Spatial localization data

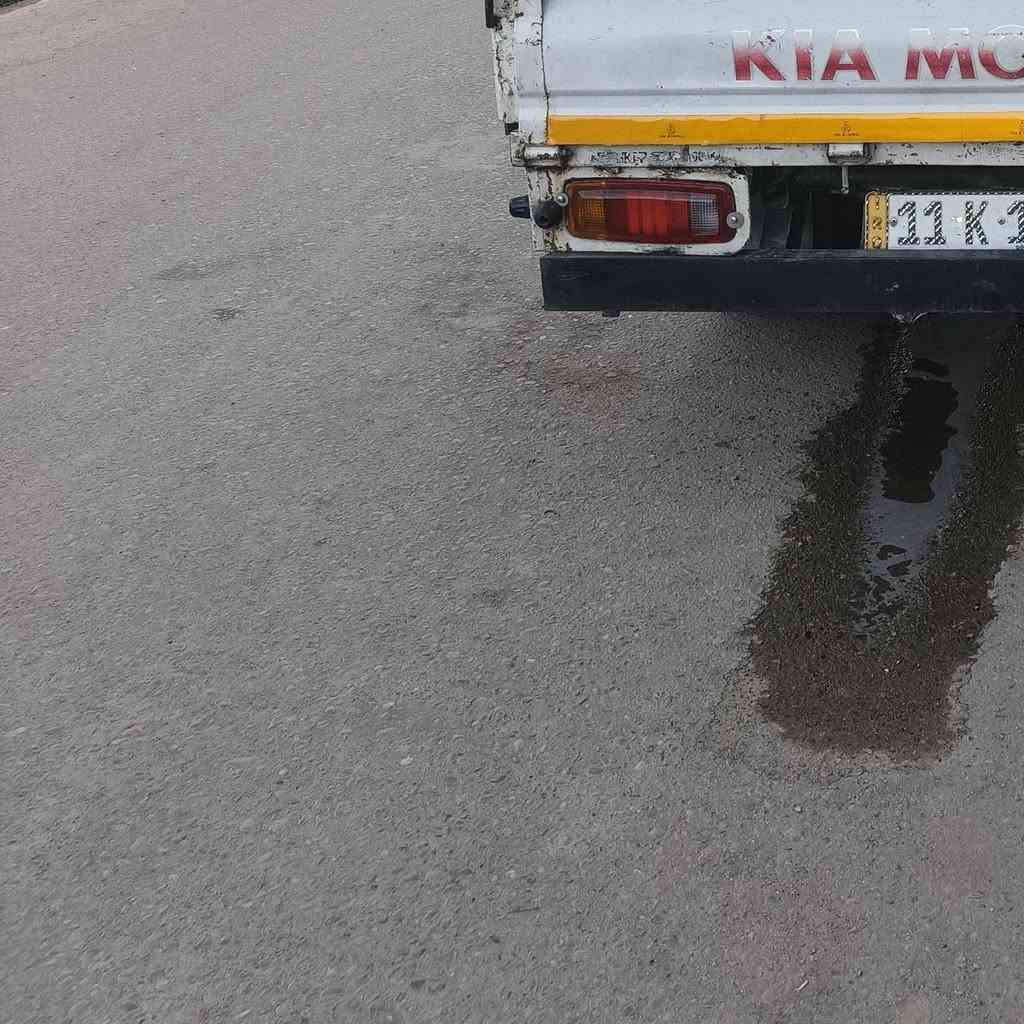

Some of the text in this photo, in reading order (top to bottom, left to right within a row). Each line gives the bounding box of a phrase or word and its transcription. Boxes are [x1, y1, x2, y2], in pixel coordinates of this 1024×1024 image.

[730, 27, 880, 81] KIA
[897, 199, 948, 245] 11
[964, 200, 989, 245] K
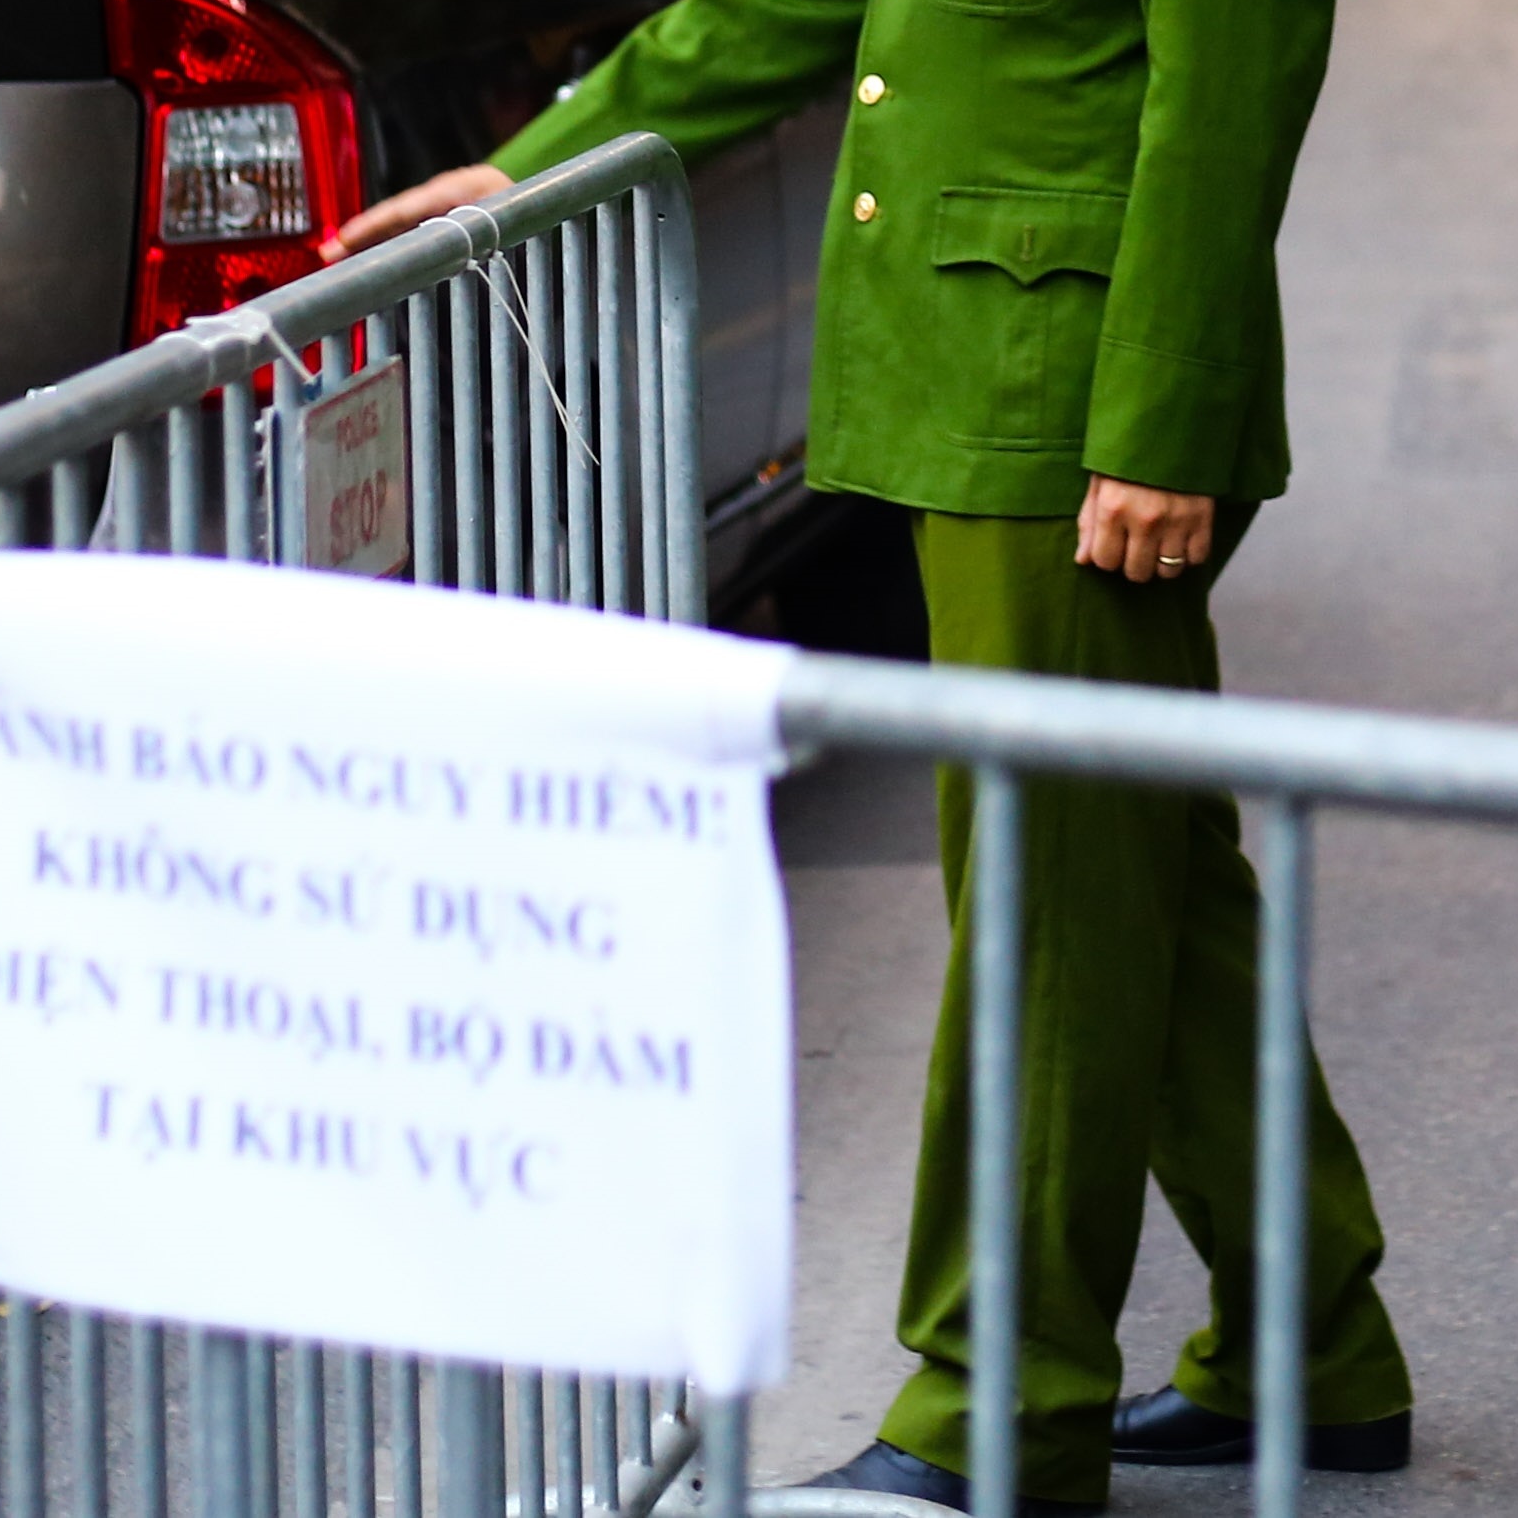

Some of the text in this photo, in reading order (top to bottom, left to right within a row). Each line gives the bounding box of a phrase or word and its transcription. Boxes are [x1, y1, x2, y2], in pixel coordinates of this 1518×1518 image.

[329, 467, 388, 566] STOP
[290, 740, 482, 820] NGUY
[33, 823, 276, 918] KHÔNG
[413, 880, 616, 961] DỤNG
[85, 1082, 560, 1209] TẠI KHU VỰC

How to complete this task :: Give again the closing portion of the entries, from the line with "this 1518×1518 image." through the last line. Keep it exact and add nothing.

Solution to the exercise ::
Some of the text in this photo, in reading order (top to bottom, left to right within a row). Each line gives the bounding box of a phrase or word and its transcription. Boxes are [x1, y1, x2, y2], in pixel coordinates of this 1518×1518 image.

[329, 467, 388, 566] STOP
[290, 740, 482, 820] NGUY
[33, 823, 276, 918] KHÔNG
[413, 880, 616, 961] DỤNG
[85, 1082, 560, 1209] TẠI KHU VỰC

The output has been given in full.